Segment Start: Information given
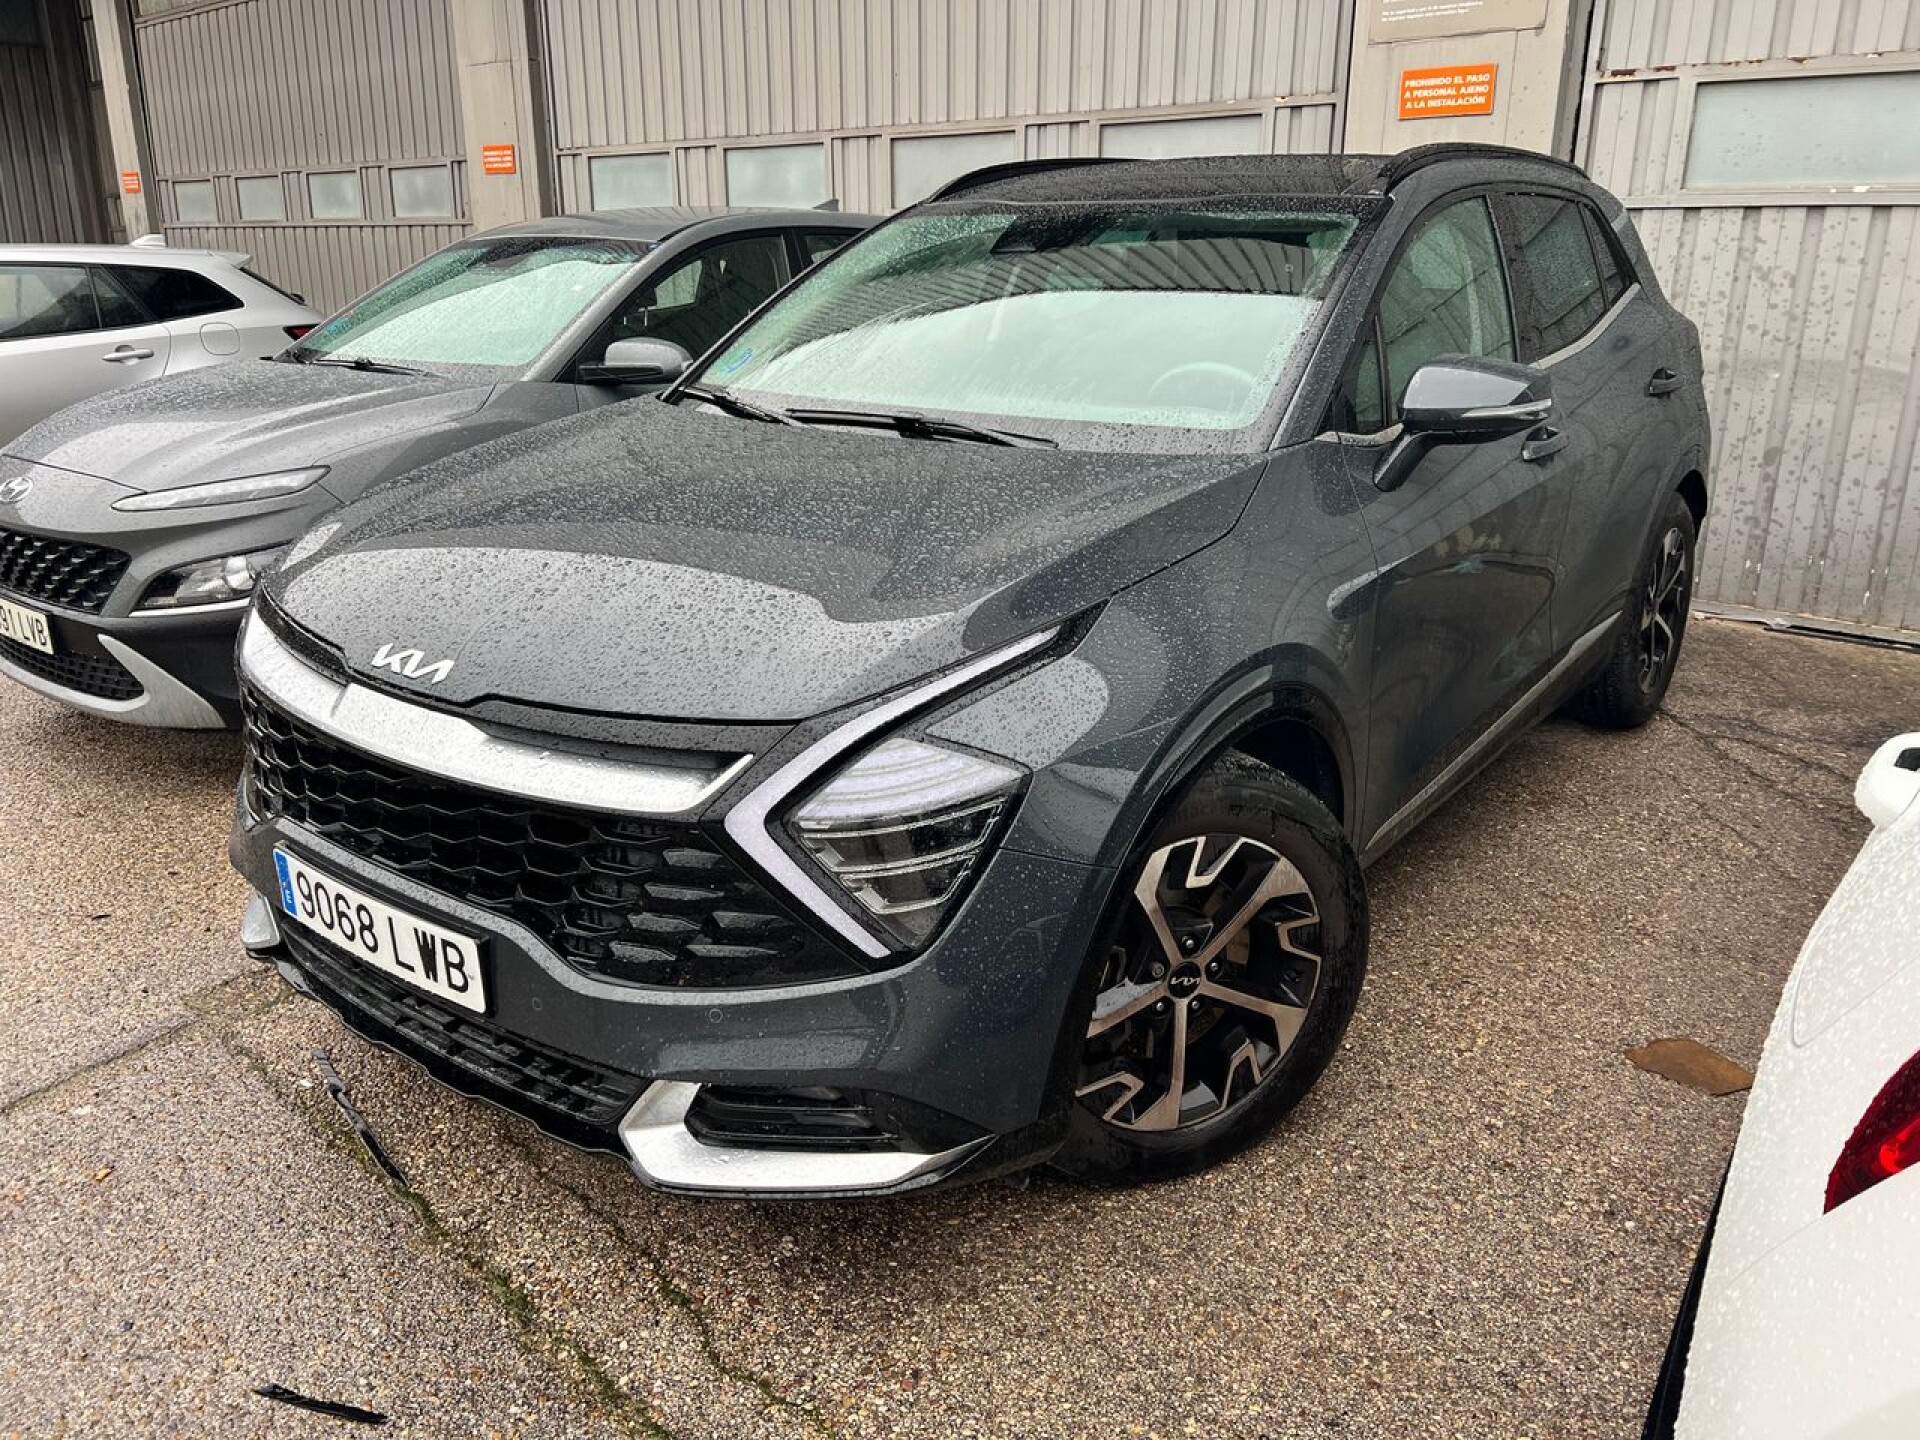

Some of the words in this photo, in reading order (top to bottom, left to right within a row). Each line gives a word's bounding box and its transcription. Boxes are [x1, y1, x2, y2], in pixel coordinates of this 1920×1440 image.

[1404, 77, 1452, 88] PROHIBIDO
[1453, 75, 1464, 84] EL
[1466, 73, 1490, 83] PASO
[1404, 91, 1411, 99] A
[1412, 86, 1457, 98] PERSONAL
[1460, 85, 1489, 94] AJENO
[1405, 101, 1412, 109] A
[1414, 101, 1425, 109] LA
[17, 612, 47, 646] LVB
[296, 870, 379, 954] 9068
[388, 916, 469, 993] LWB
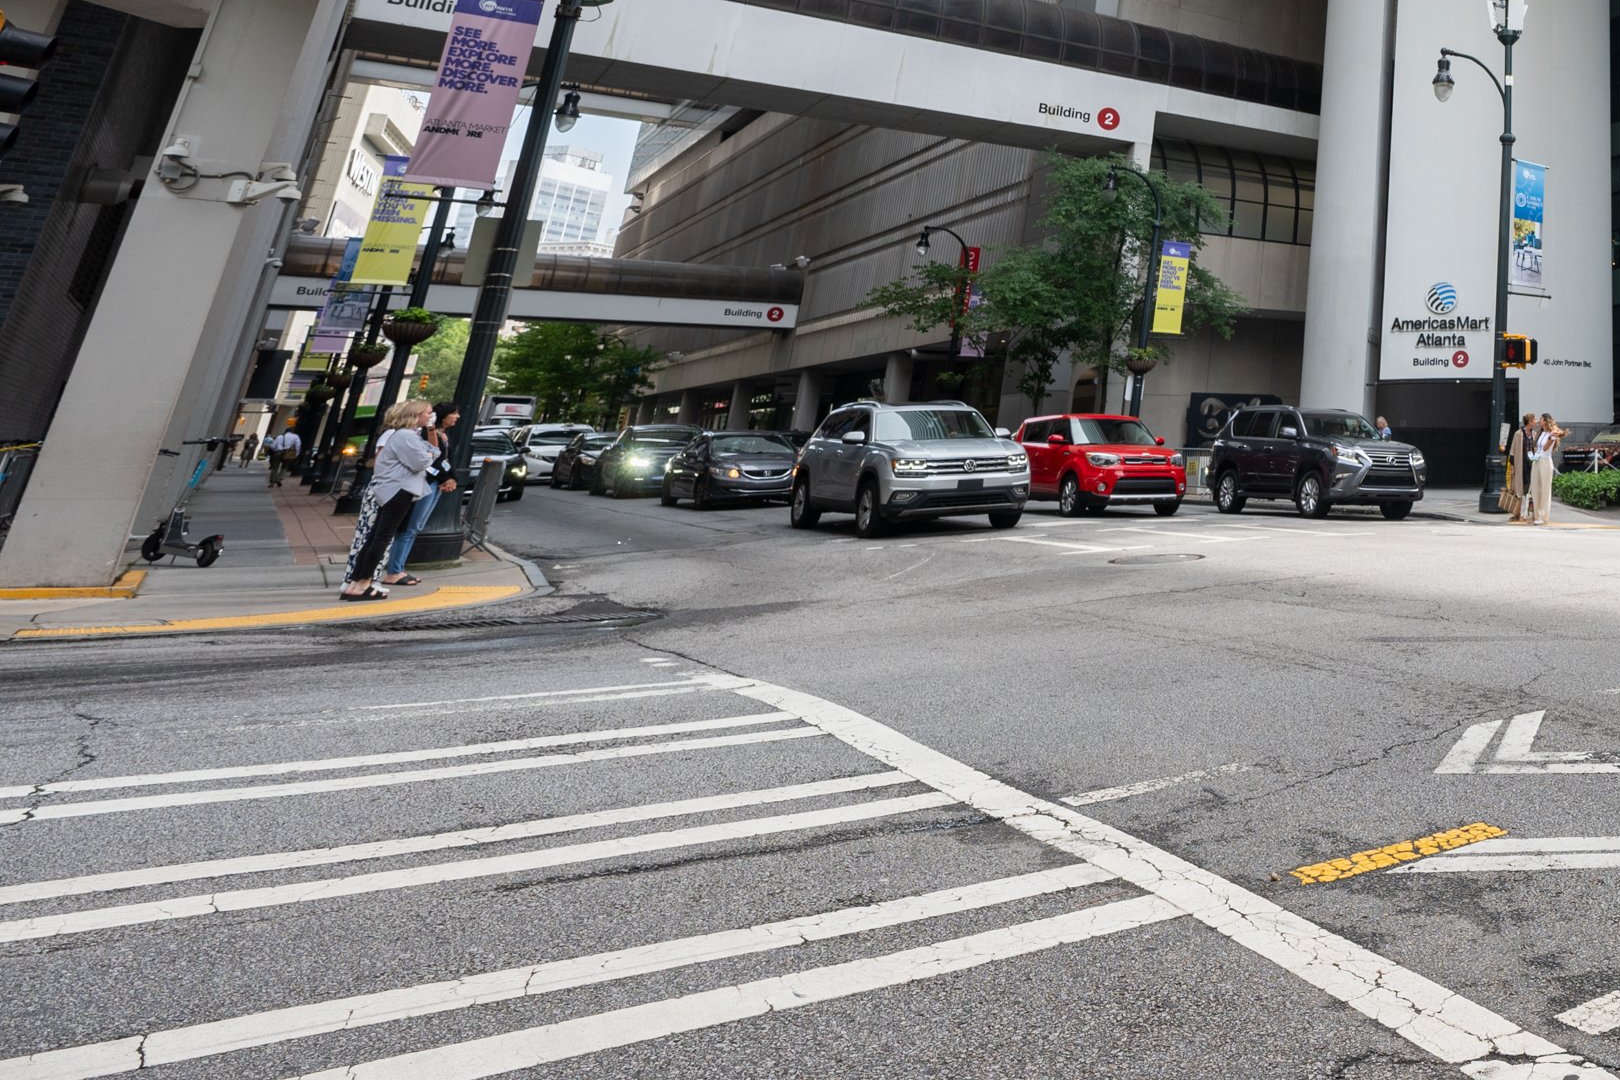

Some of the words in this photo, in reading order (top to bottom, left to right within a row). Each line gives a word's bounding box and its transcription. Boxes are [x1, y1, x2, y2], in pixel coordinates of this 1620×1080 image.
Segment End: Information given
◆ Task instructions ◆
Leave out the images and transcribe all the records exactly.

◆ Task output ◆
Some of the words in this photo, in reading order (top to bottom, left to right within a row). Each line gives a word's bounding box and its transcription. Boxes are [x1, y1, x2, y2], in pixel coordinates of this 1920×1440 image.

[1404, 77, 1452, 88] PROHIBIDO
[1453, 75, 1464, 84] EL
[1466, 73, 1490, 83] PASO
[1404, 91, 1411, 99] A
[1412, 86, 1457, 98] PERSONAL
[1460, 85, 1489, 94] AJENO
[1405, 101, 1412, 109] A
[1414, 101, 1425, 109] LA
[17, 612, 47, 646] LVB
[296, 870, 379, 954] 9068
[388, 916, 469, 993] LWB

Some of the words in this photo, in reading order (top to bottom, left to right within a row). Each line gives a word's bounding box and its transcription. Boxes are [x1, y1, x2, y2], in pixel coordinates of this 1620×1080 image.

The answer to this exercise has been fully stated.